EXERCISE
Once you have read the records below, print them again exactly as they stand.

▬▬▬▬▬▬▬▬▬▬

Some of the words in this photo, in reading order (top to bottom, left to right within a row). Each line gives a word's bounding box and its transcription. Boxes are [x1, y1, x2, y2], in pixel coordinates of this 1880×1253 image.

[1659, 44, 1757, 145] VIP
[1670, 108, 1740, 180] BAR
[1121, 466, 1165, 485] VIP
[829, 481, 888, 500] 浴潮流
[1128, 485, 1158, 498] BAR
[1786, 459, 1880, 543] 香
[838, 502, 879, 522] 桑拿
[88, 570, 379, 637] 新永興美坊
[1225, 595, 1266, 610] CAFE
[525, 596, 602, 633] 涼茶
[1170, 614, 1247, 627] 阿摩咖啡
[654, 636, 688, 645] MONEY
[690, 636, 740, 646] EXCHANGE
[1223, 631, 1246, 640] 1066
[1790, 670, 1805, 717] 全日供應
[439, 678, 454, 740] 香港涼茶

▬▬▬▬▬▬▬▬▬▬

WRITTEN SOLUTION
Some of the words in this photo, in reading order (top to bottom, left to right within a row). Each line gives a word's bounding box and its transcription. Boxes are [x1, y1, x2, y2], in pixel coordinates of this 1880×1253 image.

[1659, 44, 1757, 145] VIP
[1670, 108, 1740, 180] BAR
[1121, 466, 1165, 485] VIP
[829, 481, 888, 500] 浴潮流
[1128, 485, 1158, 498] BAR
[1786, 459, 1880, 543] 香
[838, 502, 879, 522] 桑拿
[88, 570, 379, 637] 新永興美坊
[1225, 595, 1266, 610] CAFE
[525, 596, 602, 633] 涼茶
[1170, 614, 1247, 627] 阿摩咖啡
[654, 636, 688, 645] MONEY
[690, 636, 740, 646] EXCHANGE
[1223, 631, 1246, 640] 1066
[1790, 670, 1805, 717] 全日供應
[439, 678, 454, 740] 香港涼茶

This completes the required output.